What Is the Medicare-Approved Amount for Radiation Treatments?
Demystify Medicare's approved amount for radiation treatments to understand coverage and your financial obligations.
Demystify Medicare's approved amount for radiation treatments to understand coverage and your financial obligations.
Medicare, the federal health insurance program, provides coverage for millions of Americans, primarily those aged 65 or older, and some younger people with disabilities. A central concept in this system is the “Medicare-approved amount,” which directly influences what Medicare pays and what patients owe for services received.
The Medicare-approved amount represents the maximum amount Medicare will pay for a covered healthcare service or item. This figure is determined by Medicare, not by the healthcare provider’s initial charge, and it acts as the foundation for both Medicare’s contribution and the patient’s out-of-pocket costs. Medicare establishes these amounts primarily through a fee schedule, which is a comprehensive list of services and their corresponding payment rates.
This fee schedule considers various factors, including the resources typically required to provide the service, the geographic location where the service is rendered, and the complexity of the procedure. Providers who “accept assignment” agree to accept the Medicare-approved amount as full payment for services, minus any applicable deductibles and coinsurance.

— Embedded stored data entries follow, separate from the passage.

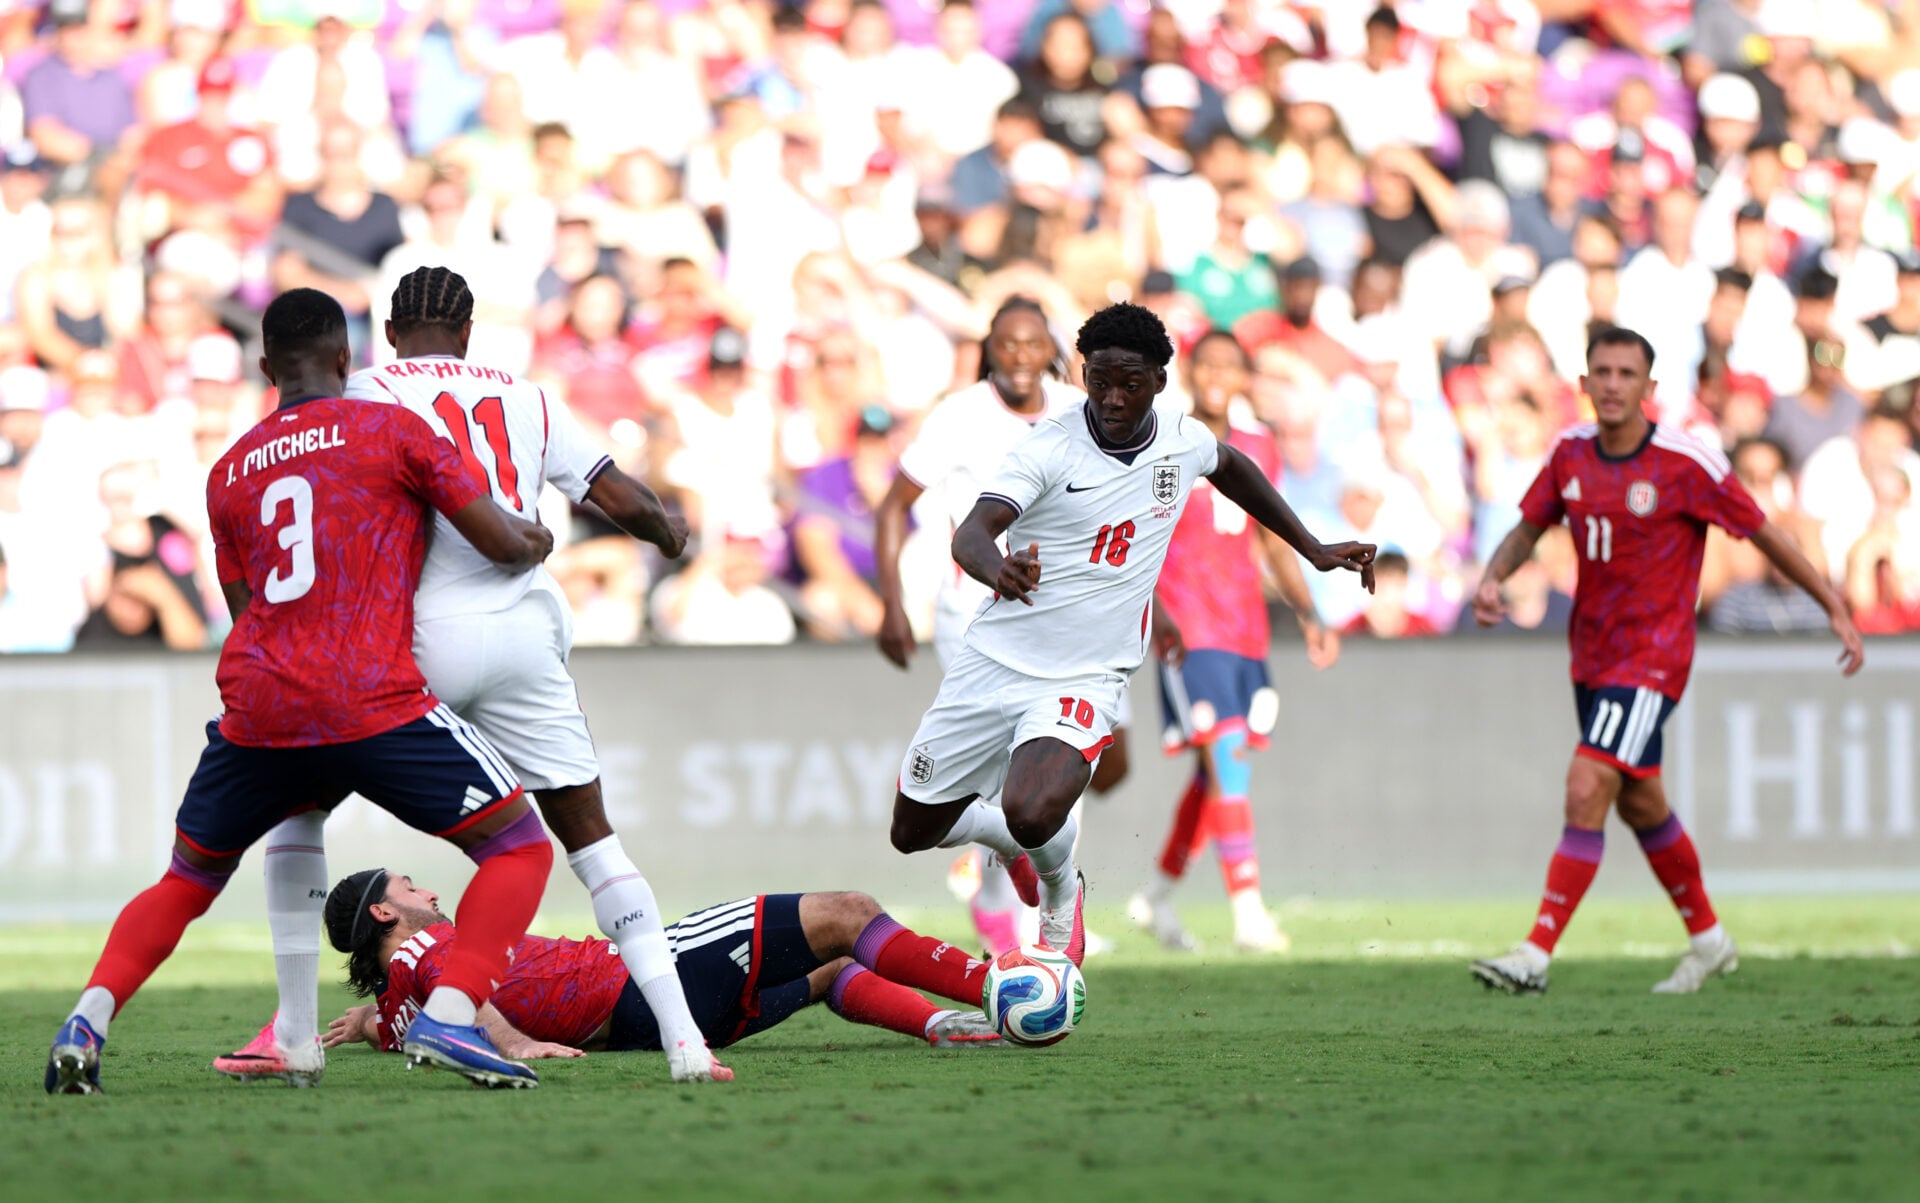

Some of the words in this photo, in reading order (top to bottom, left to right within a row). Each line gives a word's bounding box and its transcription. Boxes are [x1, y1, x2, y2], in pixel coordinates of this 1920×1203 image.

[384, 361, 514, 386] RASHFORD
[225, 462, 237, 487] J.
[242, 424, 346, 478] MITCHELL
[431, 390, 524, 513] 11
[260, 474, 317, 605] 3
[1088, 519, 1136, 568] 16
[1585, 514, 1613, 563] 11
[1058, 696, 1095, 730] 10
[1588, 698, 1624, 749] 11
[680, 738, 899, 830] STAY
[1724, 700, 1917, 840] Hil
[614, 909, 643, 930] ENG
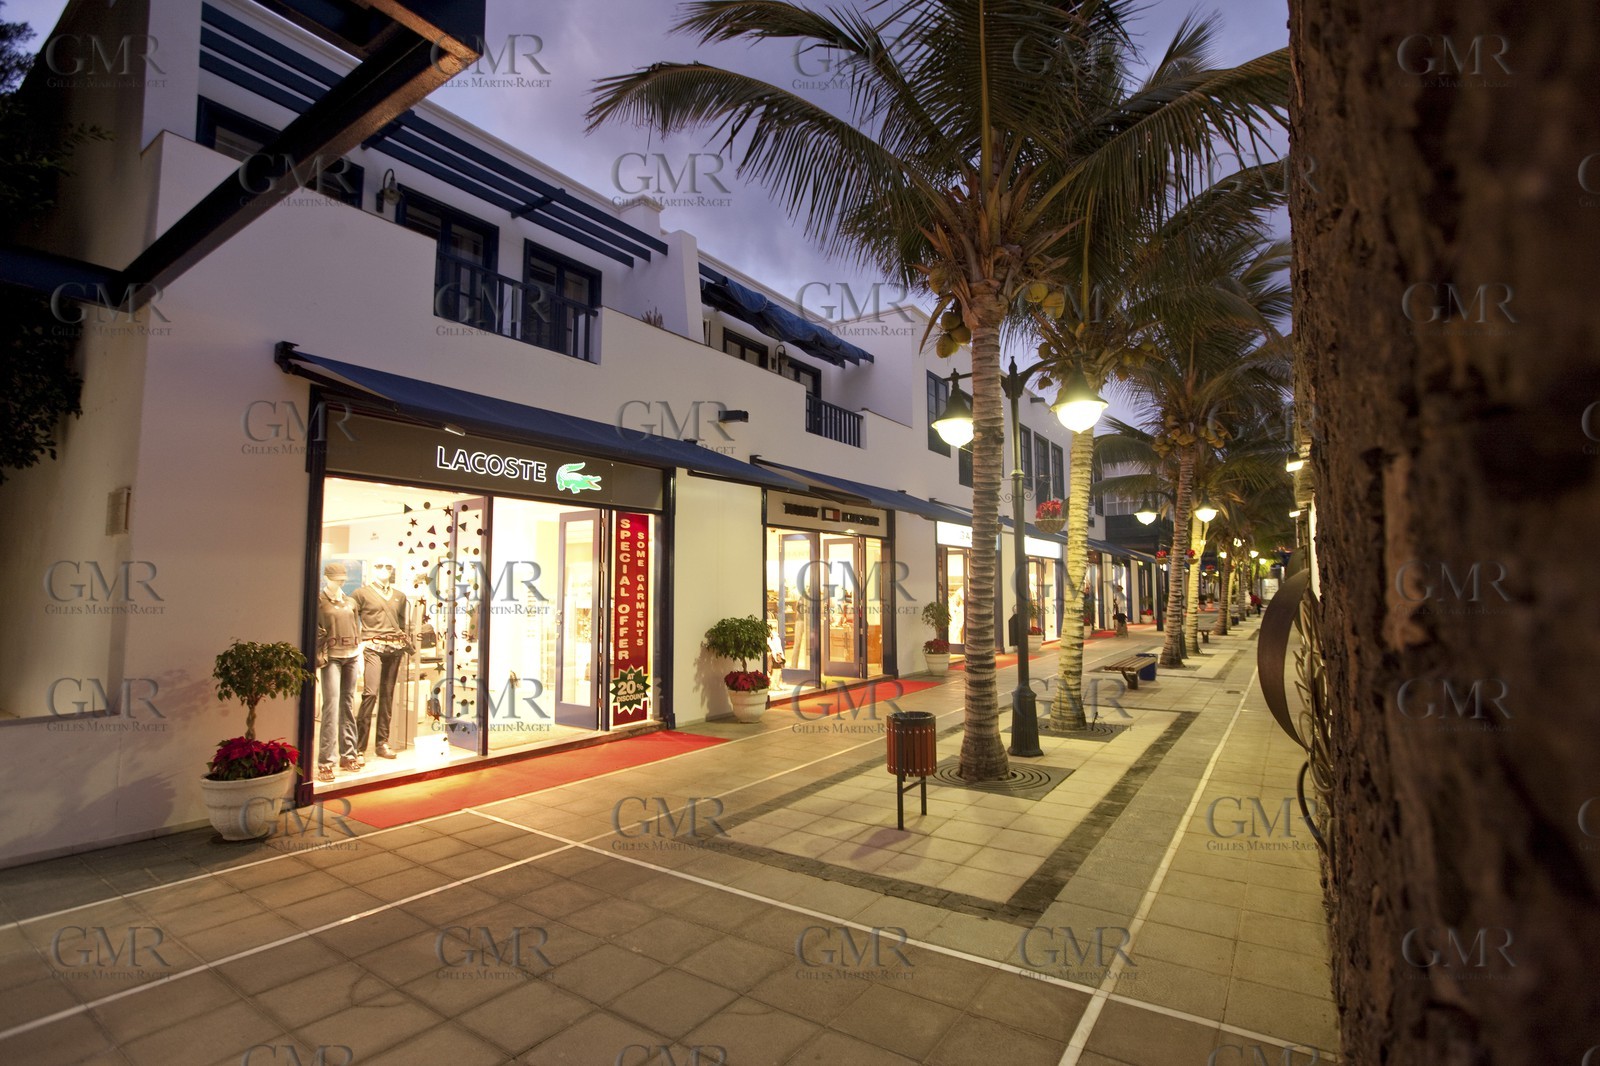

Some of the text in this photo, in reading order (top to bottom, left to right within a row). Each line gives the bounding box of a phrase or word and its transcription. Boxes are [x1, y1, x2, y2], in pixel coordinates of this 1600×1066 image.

[436, 445, 547, 483] LACOSTE
[617, 518, 631, 660] SPECIAL OFFER
[635, 532, 646, 646] SOME GARMENTS
[616, 691, 645, 703] DISCOUNT
[617, 680, 644, 696] 20%

Radiation therapy is typically covered by Medicare when deemed medically necessary. Outpatient radiation therapy, which includes both the technical component for facility fees and equipment usage and the professional component for the physician’s services, generally falls under Medicare Part B. This part of Medicare covers medically necessary doctor’s services, outpatient care, durable medical equipment, and some preventive services.
If radiation therapy is provided during an inpatient hospital stay, it would typically be covered under Medicare Part A, which primarily covers inpatient hospital care, skilled nursing facility care, hospice care, and some home health services. The determination of whether care is inpatient or outpatient depends on the physician’s order and the hospital’s admission criteria, impacting which part of Medicare covers the services.
Patients receiving radiation treatments under Medicare Part B are responsible for specific out-of-pocket costs, even after Medicare coverage begins. Before Medicare starts paying its share, beneficiaries must first meet the annual Part B deductible. For 2025, this deductible is $240.
Once the deductible is satisfied, Medicare typically pays 80% of the Medicare-approved amount for most Part B services, including outpatient radiation therapy. The patient is then responsible for the remaining 20% coinsurance. For example, if the Medicare-approved amount for a service is $1,000, Medicare would pay $800, and the patient would owe $200, assuming the deductible has been met.
A significant consideration is “balance billing” when a provider does not accept assignment. Non-participating providers can charge up to 15% above the Medicare-approved amount for covered services. This additional charge, known as an “excess charge,” is the patient’s responsibility and does not count toward the Part B deductible or coinsurance.
When seeking radiation treatment, it is important to confirm whether a provider accepts Medicare assignment before receiving services. Patients can directly ask the provider’s office or check with Medicare to determine the provider’s participation status. Knowing this upfront can help anticipate potential out-of-pocket costs and avoid unexpected “excess charges.”
After receiving services, beneficiaries will receive a Medicare Summary Notice (MSN) or an Explanation of Benefits (EOB) from their Medicare plan. These documents detail the services received, the amount Medicare paid, and the amount the patient may owe. Reviewing these statements carefully is important to ensure accuracy and understand the financial breakdown.
If a bill appears incorrect, or if there is a suspicion of improper balance billing, patients should first contact the provider’s billing department for clarification. If the issue remains unresolved, or if there are concerns about potential fraud or abuse, individuals can contact Medicare directly or seek assistance from their State Health Insurance Assistance Program (SHIP). SHIPs offer free counseling to Medicare beneficiaries.